> _AIM OF THE TASK_:
From the first entry to the last, repeat them all exactly.

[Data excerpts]
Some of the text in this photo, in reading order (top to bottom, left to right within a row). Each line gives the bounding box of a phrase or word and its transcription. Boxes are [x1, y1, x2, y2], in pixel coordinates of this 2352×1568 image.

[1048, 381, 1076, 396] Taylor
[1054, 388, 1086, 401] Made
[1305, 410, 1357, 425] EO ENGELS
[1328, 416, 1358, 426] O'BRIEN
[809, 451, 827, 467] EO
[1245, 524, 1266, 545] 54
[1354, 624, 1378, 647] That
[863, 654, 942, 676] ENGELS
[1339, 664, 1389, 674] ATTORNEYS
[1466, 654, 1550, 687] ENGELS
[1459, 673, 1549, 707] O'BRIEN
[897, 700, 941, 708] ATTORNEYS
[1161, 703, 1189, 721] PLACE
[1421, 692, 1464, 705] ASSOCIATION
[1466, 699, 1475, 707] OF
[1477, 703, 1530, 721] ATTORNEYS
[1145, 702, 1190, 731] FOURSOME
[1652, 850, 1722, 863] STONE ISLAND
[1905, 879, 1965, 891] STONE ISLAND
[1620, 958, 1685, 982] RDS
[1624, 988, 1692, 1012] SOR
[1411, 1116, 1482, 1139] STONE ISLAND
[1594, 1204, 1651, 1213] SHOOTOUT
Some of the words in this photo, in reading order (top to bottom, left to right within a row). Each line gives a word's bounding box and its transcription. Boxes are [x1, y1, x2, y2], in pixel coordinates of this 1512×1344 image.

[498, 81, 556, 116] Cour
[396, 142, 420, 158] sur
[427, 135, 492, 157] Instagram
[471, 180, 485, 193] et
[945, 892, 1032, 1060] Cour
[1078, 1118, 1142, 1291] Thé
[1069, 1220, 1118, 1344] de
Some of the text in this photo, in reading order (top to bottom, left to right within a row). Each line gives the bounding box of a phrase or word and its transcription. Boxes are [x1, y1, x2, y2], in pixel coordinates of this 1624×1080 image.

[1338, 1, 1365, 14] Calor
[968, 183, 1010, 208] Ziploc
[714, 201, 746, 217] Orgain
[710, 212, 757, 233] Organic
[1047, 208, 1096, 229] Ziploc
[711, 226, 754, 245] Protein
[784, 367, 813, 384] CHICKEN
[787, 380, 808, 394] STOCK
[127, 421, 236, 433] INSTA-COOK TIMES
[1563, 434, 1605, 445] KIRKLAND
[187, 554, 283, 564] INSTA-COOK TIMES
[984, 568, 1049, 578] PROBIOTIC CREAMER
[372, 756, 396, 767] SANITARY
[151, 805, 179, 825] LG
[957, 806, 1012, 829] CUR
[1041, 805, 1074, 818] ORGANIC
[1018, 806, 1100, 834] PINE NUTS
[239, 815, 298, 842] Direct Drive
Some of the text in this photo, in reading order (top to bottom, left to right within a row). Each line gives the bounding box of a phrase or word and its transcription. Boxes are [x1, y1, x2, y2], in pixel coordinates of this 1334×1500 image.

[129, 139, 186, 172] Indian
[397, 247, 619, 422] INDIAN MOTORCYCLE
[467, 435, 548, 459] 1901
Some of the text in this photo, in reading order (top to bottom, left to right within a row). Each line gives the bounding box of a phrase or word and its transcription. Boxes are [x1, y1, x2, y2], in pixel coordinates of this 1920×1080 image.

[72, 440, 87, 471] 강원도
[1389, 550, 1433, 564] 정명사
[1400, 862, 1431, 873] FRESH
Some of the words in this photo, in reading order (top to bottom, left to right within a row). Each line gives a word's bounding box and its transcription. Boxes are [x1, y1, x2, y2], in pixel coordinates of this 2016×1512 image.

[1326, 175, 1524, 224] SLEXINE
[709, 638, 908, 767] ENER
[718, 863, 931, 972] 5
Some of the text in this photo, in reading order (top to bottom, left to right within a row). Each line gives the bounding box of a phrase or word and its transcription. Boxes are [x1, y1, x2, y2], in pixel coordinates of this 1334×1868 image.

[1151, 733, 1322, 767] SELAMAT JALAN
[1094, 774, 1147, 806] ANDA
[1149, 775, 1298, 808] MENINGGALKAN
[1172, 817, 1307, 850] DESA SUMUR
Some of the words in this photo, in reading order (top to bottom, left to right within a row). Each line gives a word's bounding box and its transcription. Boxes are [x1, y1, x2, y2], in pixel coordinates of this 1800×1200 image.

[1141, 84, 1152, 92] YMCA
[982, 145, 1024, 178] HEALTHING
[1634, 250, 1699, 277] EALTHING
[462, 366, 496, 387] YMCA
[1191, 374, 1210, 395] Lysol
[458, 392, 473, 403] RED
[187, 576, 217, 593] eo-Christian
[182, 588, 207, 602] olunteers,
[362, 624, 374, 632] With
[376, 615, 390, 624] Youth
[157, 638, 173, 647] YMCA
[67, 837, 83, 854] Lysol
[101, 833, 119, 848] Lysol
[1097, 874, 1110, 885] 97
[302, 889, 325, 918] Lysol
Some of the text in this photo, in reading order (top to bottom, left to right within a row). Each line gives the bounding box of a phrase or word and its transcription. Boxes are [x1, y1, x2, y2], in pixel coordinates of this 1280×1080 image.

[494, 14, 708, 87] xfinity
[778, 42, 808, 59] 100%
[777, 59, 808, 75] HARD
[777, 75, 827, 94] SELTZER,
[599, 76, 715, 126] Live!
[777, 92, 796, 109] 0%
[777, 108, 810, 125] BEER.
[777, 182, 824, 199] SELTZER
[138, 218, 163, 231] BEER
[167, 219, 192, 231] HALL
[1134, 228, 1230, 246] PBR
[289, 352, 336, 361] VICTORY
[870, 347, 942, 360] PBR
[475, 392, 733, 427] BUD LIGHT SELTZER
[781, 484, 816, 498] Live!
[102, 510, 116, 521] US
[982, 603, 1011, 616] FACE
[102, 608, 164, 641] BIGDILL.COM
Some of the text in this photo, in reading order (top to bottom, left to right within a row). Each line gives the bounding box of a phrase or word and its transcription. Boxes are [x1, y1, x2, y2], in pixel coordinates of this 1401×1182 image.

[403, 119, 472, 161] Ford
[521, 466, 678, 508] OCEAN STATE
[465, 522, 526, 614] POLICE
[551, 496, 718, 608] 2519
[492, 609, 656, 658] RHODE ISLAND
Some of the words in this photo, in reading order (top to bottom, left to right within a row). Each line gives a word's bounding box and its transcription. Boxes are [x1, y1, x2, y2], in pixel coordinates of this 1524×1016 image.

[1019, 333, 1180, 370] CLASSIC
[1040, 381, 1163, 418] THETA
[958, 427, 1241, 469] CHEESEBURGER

> _TASK ANSWER_:
Some of the text in this photo, in reading order (top to bottom, left to right within a row). Each line gives the bounding box of a phrase or word and its transcription. Boxes are [x1, y1, x2, y2], in pixel coordinates of this 2352×1568 image.

[1048, 381, 1076, 396] Taylor
[1054, 388, 1086, 401] Made
[1305, 410, 1357, 425] EO ENGELS
[1328, 416, 1358, 426] O'BRIEN
[809, 451, 827, 467] EO
[1245, 524, 1266, 545] 54
[1354, 624, 1378, 647] That
[863, 654, 942, 676] ENGELS
[1339, 664, 1389, 674] ATTORNEYS
[1466, 654, 1550, 687] ENGELS
[1459, 673, 1549, 707] O'BRIEN
[897, 700, 941, 708] ATTORNEYS
[1161, 703, 1189, 721] PLACE
[1421, 692, 1464, 705] ASSOCIATION
[1466, 699, 1475, 707] OF
[1477, 703, 1530, 721] ATTORNEYS
[1145, 702, 1190, 731] FOURSOME
[1652, 850, 1722, 863] STONE ISLAND
[1905, 879, 1965, 891] STONE ISLAND
[1620, 958, 1685, 982] RDS
[1624, 988, 1692, 1012] SOR
[1411, 1116, 1482, 1139] STONE ISLAND
[1594, 1204, 1651, 1213] SHOOTOUT
Some of the words in this photo, in reading order (top to bottom, left to right within a row). Each line gives a word's bounding box and its transcription. Boxes are [x1, y1, x2, y2], in pixel coordinates of this 1512×1344 image.

[498, 81, 556, 116] Cour
[396, 142, 420, 158] sur
[427, 135, 492, 157] Instagram
[471, 180, 485, 193] et
[945, 892, 1032, 1060] Cour
[1078, 1118, 1142, 1291] Thé
[1069, 1220, 1118, 1344] de
Some of the text in this photo, in reading order (top to bottom, left to right within a row). Each line gives the bounding box of a phrase or word and its transcription. Boxes are [x1, y1, x2, y2], in pixel coordinates of this 1624×1080 image.

[1338, 1, 1365, 14] Calor
[968, 183, 1010, 208] Ziploc
[714, 201, 746, 217] Orgain
[710, 212, 757, 233] Organic
[1047, 208, 1096, 229] Ziploc
[711, 226, 754, 245] Protein
[784, 367, 813, 384] CHICKEN
[787, 380, 808, 394] STOCK
[127, 421, 236, 433] INSTA-COOK TIMES
[1563, 434, 1605, 445] KIRKLAND
[187, 554, 283, 564] INSTA-COOK TIMES
[984, 568, 1049, 578] PROBIOTIC CREAMER
[372, 756, 396, 767] SANITARY
[151, 805, 179, 825] LG
[957, 806, 1012, 829] CUR
[1041, 805, 1074, 818] ORGANIC
[1018, 806, 1100, 834] PINE NUTS
[239, 815, 298, 842] Direct Drive
Some of the text in this photo, in reading order (top to bottom, left to right within a row). Each line gives the bounding box of a phrase or word and its transcription. Boxes are [x1, y1, x2, y2], in pixel coordinates of this 1334×1500 image.

[129, 139, 186, 172] Indian
[397, 247, 619, 422] INDIAN MOTORCYCLE
[467, 435, 548, 459] 1901
Some of the text in this photo, in reading order (top to bottom, left to right within a row). Each line gives the bounding box of a phrase or word and its transcription. Boxes are [x1, y1, x2, y2], in pixel coordinates of this 1920×1080 image.

[72, 440, 87, 471] 강원도
[1389, 550, 1433, 564] 정명사
[1400, 862, 1431, 873] FRESH
Some of the words in this photo, in reading order (top to bottom, left to right within a row). Each line gives a word's bounding box and its transcription. Boxes are [x1, y1, x2, y2], in pixel coordinates of this 2016×1512 image.

[1326, 175, 1524, 224] SLEXINE
[709, 638, 908, 767] ENER
[718, 863, 931, 972] 5
Some of the text in this photo, in reading order (top to bottom, left to right within a row). Each line gives the bounding box of a phrase or word and its transcription. Boxes are [x1, y1, x2, y2], in pixel coordinates of this 1334×1868 image.

[1151, 733, 1322, 767] SELAMAT JALAN
[1094, 774, 1147, 806] ANDA
[1149, 775, 1298, 808] MENINGGALKAN
[1172, 817, 1307, 850] DESA SUMUR
Some of the words in this photo, in reading order (top to bottom, left to right within a row). Each line gives a word's bounding box and its transcription. Boxes are [x1, y1, x2, y2], in pixel coordinates of this 1800×1200 image.

[1141, 84, 1152, 92] YMCA
[982, 145, 1024, 178] HEALTHING
[1634, 250, 1699, 277] EALTHING
[462, 366, 496, 387] YMCA
[1191, 374, 1210, 395] Lysol
[458, 392, 473, 403] RED
[187, 576, 217, 593] eo-Christian
[182, 588, 207, 602] olunteers,
[362, 624, 374, 632] With
[376, 615, 390, 624] Youth
[157, 638, 173, 647] YMCA
[67, 837, 83, 854] Lysol
[101, 833, 119, 848] Lysol
[1097, 874, 1110, 885] 97
[302, 889, 325, 918] Lysol
Some of the text in this photo, in reading order (top to bottom, left to right within a row). Each line gives the bounding box of a phrase or word and its transcription. Boxes are [x1, y1, x2, y2], in pixel coordinates of this 1280×1080 image.

[494, 14, 708, 87] xfinity
[778, 42, 808, 59] 100%
[777, 59, 808, 75] HARD
[777, 75, 827, 94] SELTZER,
[599, 76, 715, 126] Live!
[777, 92, 796, 109] 0%
[777, 108, 810, 125] BEER.
[777, 182, 824, 199] SELTZER
[138, 218, 163, 231] BEER
[167, 219, 192, 231] HALL
[1134, 228, 1230, 246] PBR
[289, 352, 336, 361] VICTORY
[870, 347, 942, 360] PBR
[475, 392, 733, 427] BUD LIGHT SELTZER
[781, 484, 816, 498] Live!
[102, 510, 116, 521] US
[982, 603, 1011, 616] FACE
[102, 608, 164, 641] BIGDILL.COM
Some of the text in this photo, in reading order (top to bottom, left to right within a row). Each line gives the bounding box of a phrase or word and its transcription. Boxes are [x1, y1, x2, y2], in pixel coordinates of this 1401×1182 image.

[403, 119, 472, 161] Ford
[521, 466, 678, 508] OCEAN STATE
[465, 522, 526, 614] POLICE
[551, 496, 718, 608] 2519
[492, 609, 656, 658] RHODE ISLAND
Some of the words in this photo, in reading order (top to bottom, left to right within a row). Each line gives a word's bounding box and its transcription. Boxes are [x1, y1, x2, y2], in pixel coordinates of this 1524×1016 image.

[1019, 333, 1180, 370] CLASSIC
[1040, 381, 1163, 418] THETA
[958, 427, 1241, 469] CHEESEBURGER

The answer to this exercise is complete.